Friday, April 23, 2010

Illogical Political Debates

I wrote "debates", but I might just as well call them "arguments".  I find it fascinating that people, mostly uninformed people who are therefore adamant in their convictions, love to argue with others and drive their own points home but never, ever seem to listen.  It seems that screaming at others--via the safe medium of the Internet, usually--is the way insecure people achieve confidence and self-respect.  That, and, admittedly, trying to figure out how to get around the censorship programming which forbids words like "fart", even in Spanish.

Recently, I entered a few comments on an online newspaper opinion page.  I refuted arguments, tried to explain my position, remained civil, and attempted to take the opposing comments seriously as I responded.  The result was that several people on the message board were actually taken aback and were admonishing people of their own party not to insult "the new liberal" because they finally had a courteous person to oppose.  What does that say for regular, middle-class America?

Are we too caught up in the necessity of being right to consider another's opinion?  What makes us believe that our own political beliefs are irrefutable and the other side is going to Hell?   Seriously, why do we alienate hundreds of groups simply because we must be right?
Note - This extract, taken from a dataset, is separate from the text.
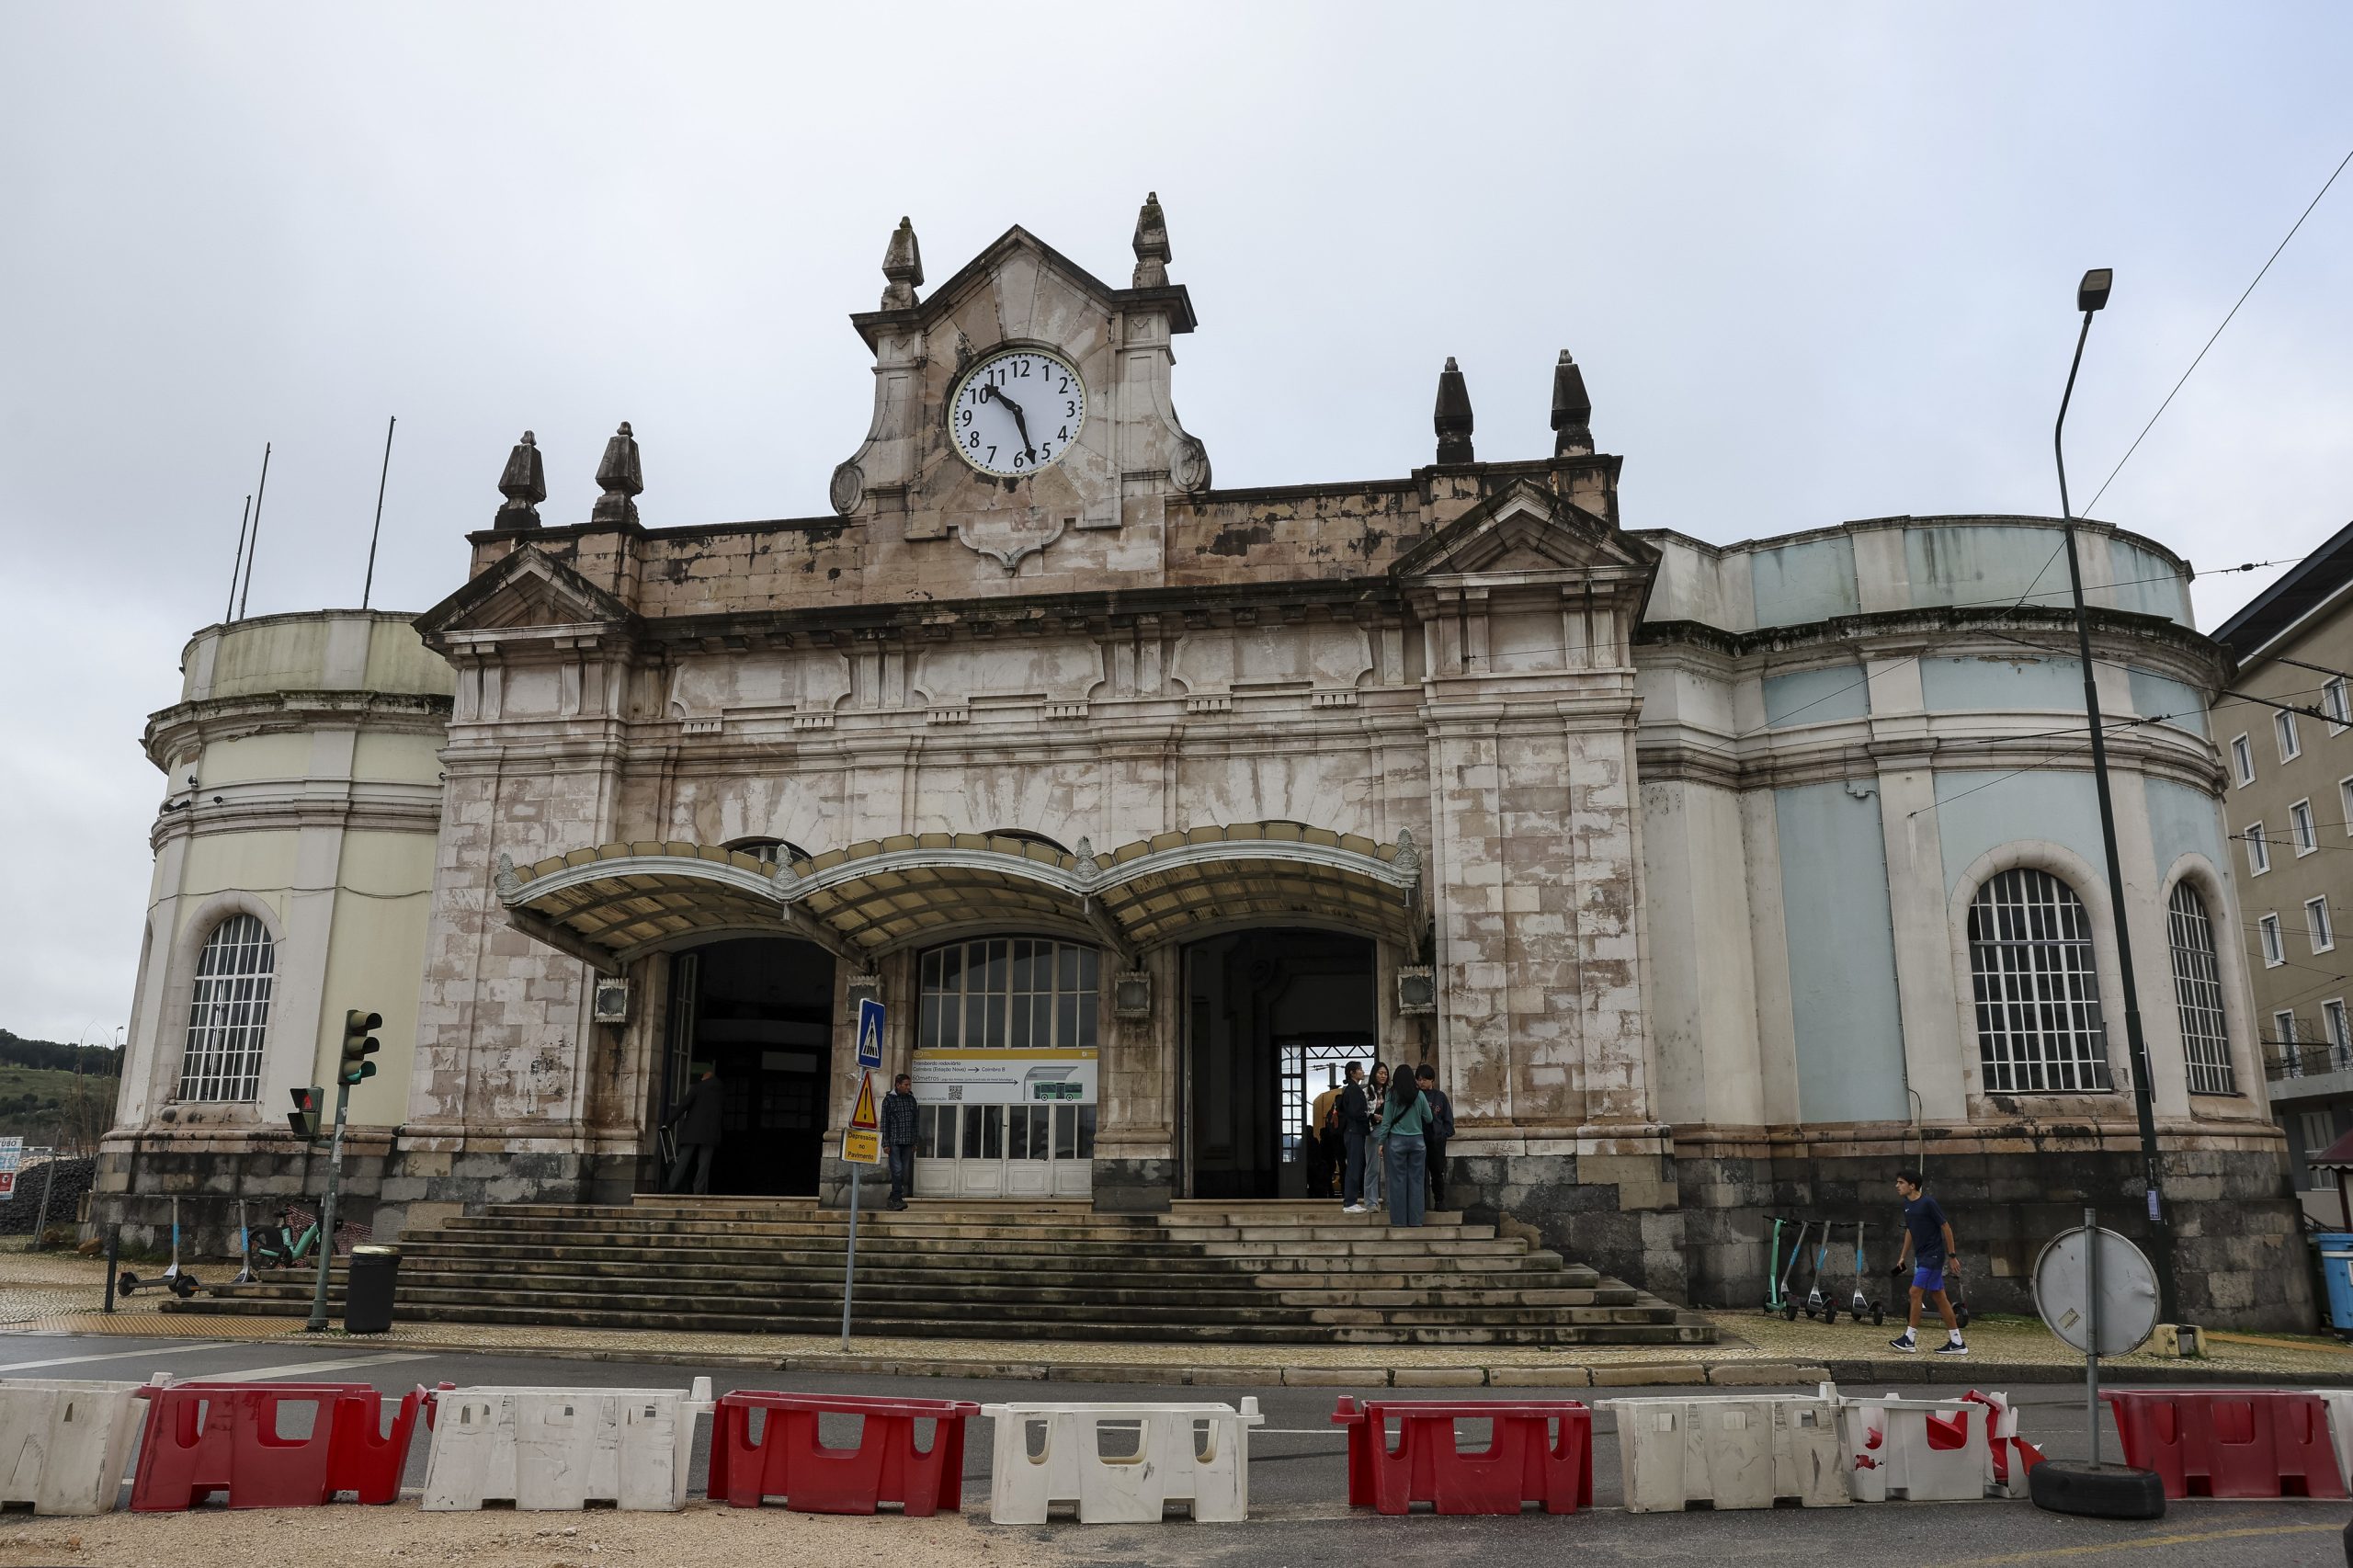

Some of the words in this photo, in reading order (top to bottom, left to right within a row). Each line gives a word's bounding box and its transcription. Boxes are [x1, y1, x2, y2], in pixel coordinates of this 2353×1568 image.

It doesn't matter that we descended from immigrants--Mexican immigrants must go.  It doesn't matter that there are many illegal immigrants from other countries--it's totally okay to institute a racist regime to potentially arrest every Mexican-looking human being.  It doesn't matter that someone else's inborn sexuality is something they cannot help--you want your Bible to say it does, so they must be eradicated or educated out of their perversions.  It doesn't matter that the glaciers and ice caps are melting and the sea level rising--the politicians who will supposedly save you the most money (!) say that's ridiculous, and you are happy to believe them.  It doesn't matter that America has hundreds of thousands of people thrown into unemployment by this recent economic crash; no one who can't be bothered to get a job and help themselves should be allowed to take your tax dollars.  Listen to yourselves!

The stock market crashes.  Car plants close.  Factories shut down.  Businesses go into bankruptcy.  Layoffs occur all over the country.  Money has to be saved everywhere.  Result--people lose their jobs.  And you are telling these people that it's their fault they don't have a job?  It's their fault that they can't support themselves?  How do you know how hard people are trying to survive, to find a job?  All you want to see is the homeless guy chugging vodka and spending his welfare check, because that is easy for you to see!  That easily scorned picture means you don't have to help!  YES, for God's sake, there are many people out there who find it easier to remain on welfare than to work.  But there are thousands more who are trying every day to get a job, scraping the bottom of the barrel to keep their houses, there are some who are working two or three jobs to stay afloat, there are single mothers, single fathers--countless miserable situations that many people are trying to pull themselves out of!  How dare you suggest that they aren't worthy of their country's help?

You are not alone.  Without the well-being of this country, your life would be in the toilet.  You don't know how to do anything without the success of the grocery store, the hardware store, the people who run your water, your plumbing, your electricity, who make your televisions and your clothes.  Most of you can't make your own clothes and a great deal more don't know how to raise your own food.  When this country tanks, so do you.  When a young man with an IQ of 195 has to drop out of college because he doesn't have the money, you've lost an incredible asset to society and to your own life.  It will be your fault when the potential discoverer of a cure for AIDS or cancer has to drop out of school and work three jobs because the family can't afford food or rent, or when that person has to die because her greedy insurance company doesn't want to spend the money on an experimental bone marrow treatment.

We are responsible for everyone in our society.  The sooner we realize this, the sooner we can quit this idiotic warring with everyone of a different opinion, religion, skin color, or origin.  STOP IT.  None of you have the right to condemn another human being to poverty.

Like it or not, our social structure benefits the rich, even in matters of success.  Malcolm Gladwell wrote extensively about research done over a period of years on children with incredibly high IQs.  The children who generally succeeded were the ones from well-to-do families.  Why?

Rich kids have parents who are far more involved.  They are told to do their homework, they are encouraged to speak up to authorities (this includes people like doctors), whereas poor children are generally ingrained with the idea of authority's power.  They are taken to soccer practice, they can get tutors, they travel, and they're given far more opportunities.  Poor kids very often have to take care of their education themselves, and they've got to battle against self-consciousness while trying to prove equality with the rich kids.  This has nothing to do with skin color, nothing at all.  It's simply an economic state of mind that people fall into.  And this means that, when looking down on the poor, we're condemning kids for their grandparents' social positions.

We're interconnected, not just across the present world but across the past.  Your ancestors made you who you are today.  So open your eyes and help the struggling people who need just a leg up in order to become a person who can found a university, win your divorce case, or design your house better than anyone else could.  It is everyone's fault that we have poverty.  Stop pretending to be independent and claim your own responsibility.